By Fr. Fred Kammer, SJ
The drama of competing federal budgets and the ensuing game of “chicken” about who will shut down government is red meat for the pundits, the media, and ambitious politicians. But it ignores one basic truth: government budgets are not about economics; they are about fundamental morality. Over and over again Catholic teaching stresses the responsibility of government for the local, national, and global common good and the duty to protect and lift up the poor and vulnerable. Such moral duties and responsibilities are now on the line in Washington.
Many people may question how we can talk about morality when “we all know” that what is going on is just politics or doing what the voters want or what the lobbyists are well paid for?
Consider this not-imaginary scenario: a legislator helps to give a large tax refund or tax cut to the wealthiest of citizens. A few months later he or she has to pay for that tax break and does so by cutting food for the hungry or shelter for the homeless—any morality in that? Any sense that this is going on right now in Washington?
A budget is a moral document because it reflects our moral priorities.
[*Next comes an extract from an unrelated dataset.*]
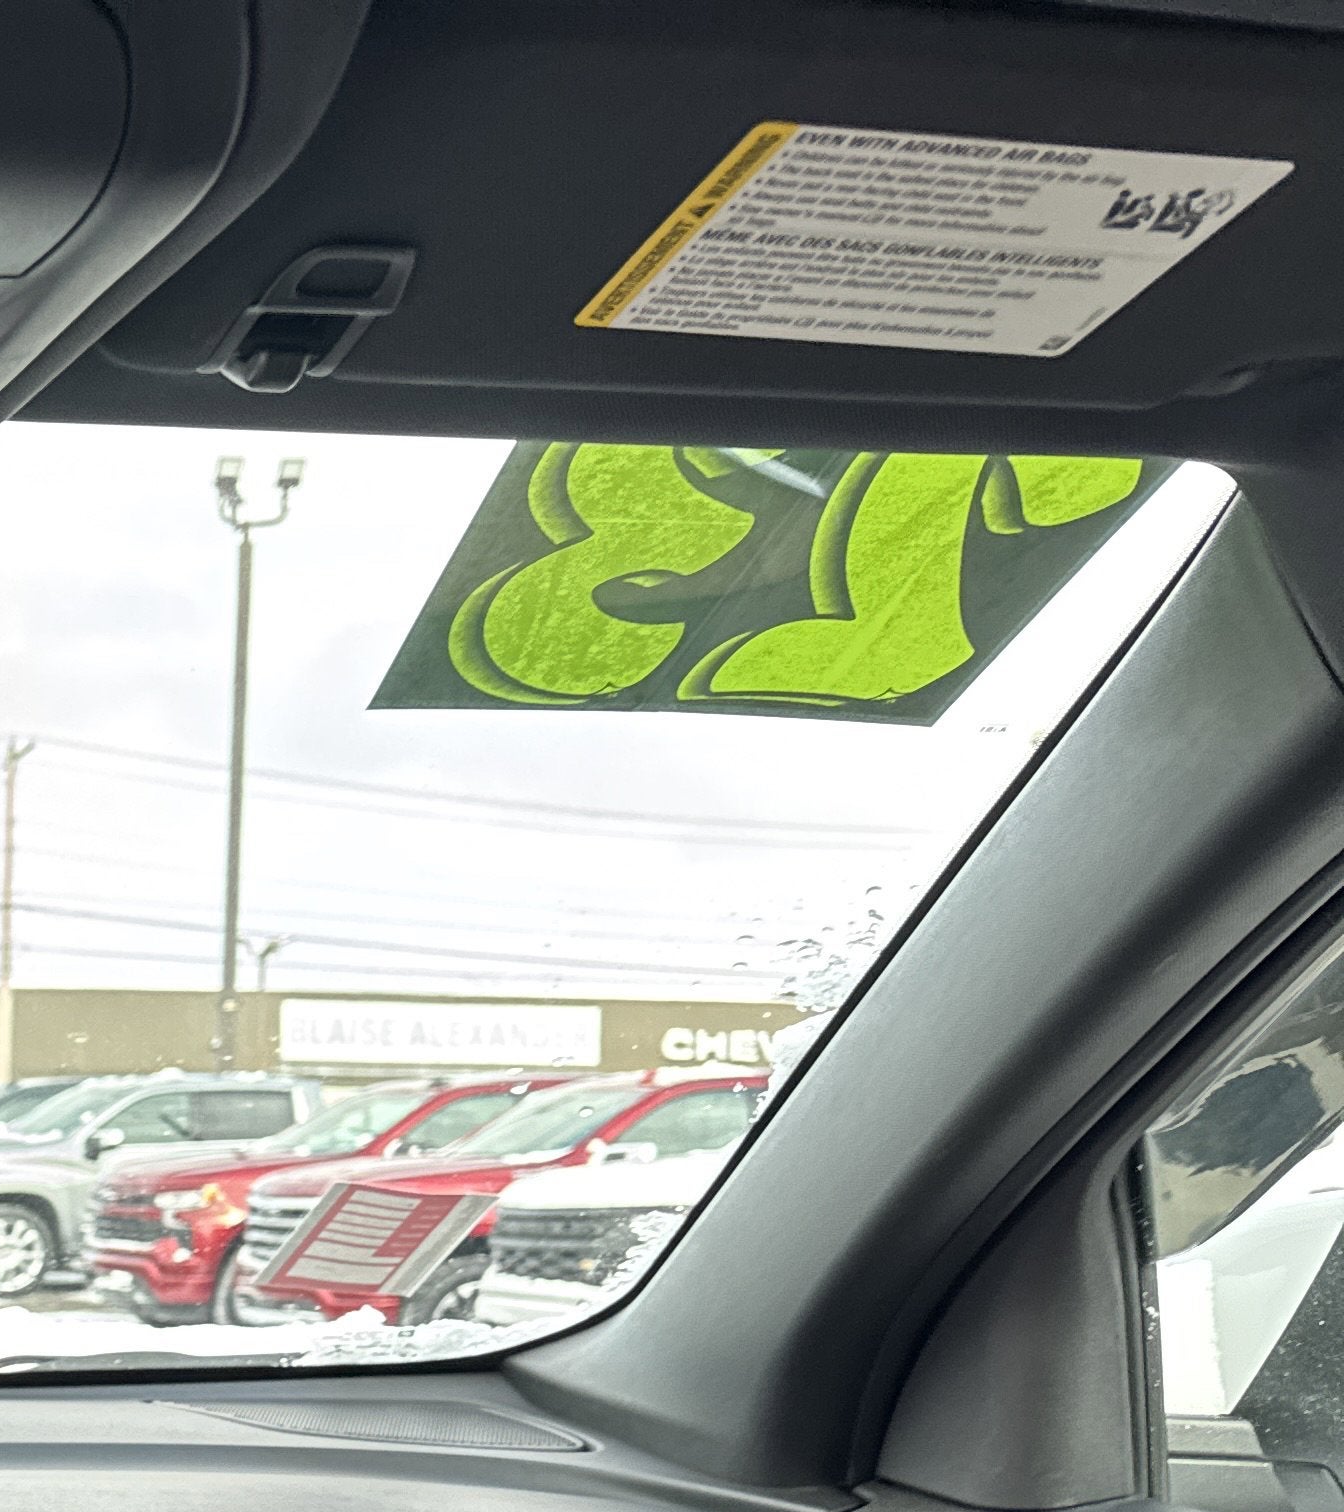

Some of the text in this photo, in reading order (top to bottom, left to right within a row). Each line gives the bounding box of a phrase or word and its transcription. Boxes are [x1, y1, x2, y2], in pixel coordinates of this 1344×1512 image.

Repeatedly, our Catholic bishops have taken the position that one of the basic functions of government is to raise sufficient resources so that it can effectively work to “provide for the general welfare” and promote the common good, one of the most basic principles of Catholic social teaching. Government also must act to protect those who are poor and vulnerable, not to harm them. In an economic situation as fragile as the current one, this means in the concrete: a) insuring adequate revenues to meet overall needs; b) protecting the vulnerable; and c) in reducing deficits, taking a balanced approach that looks to all those programs and services of government that it provides to the public so that “we the people” share in reduced services or goods according to our means.
What is immoral in proposed budgets?
Yes, we have a national deficit problem which needs serious attention and widespread participation in its remedy. But, no thanks, not on the backs of those here or abroad who can least afford to pay the bill for the “goodies” of benefits and tax-cuts which we have all enjoyed. Finally, the deficit and debt is only one of our challenges as a nation, one which ranks behind the woes of millions of Americans without jobs and 43 million people living in poverty—the highest number in our fifty-one years of poverty estimates.
1. Bob McIntyre, United States Remains One of the Least Taxed Industrial Countries, Citizens for Tax Justice, November 11, 2010, p. 1.
2. Examples taken from February 14, 2011 letter to the members of the U.S. House of Representatives from Bishop Stephen E. Blaire of the Diocese of Stockton on behalf of the U.S. Conference of Catholic Bishops.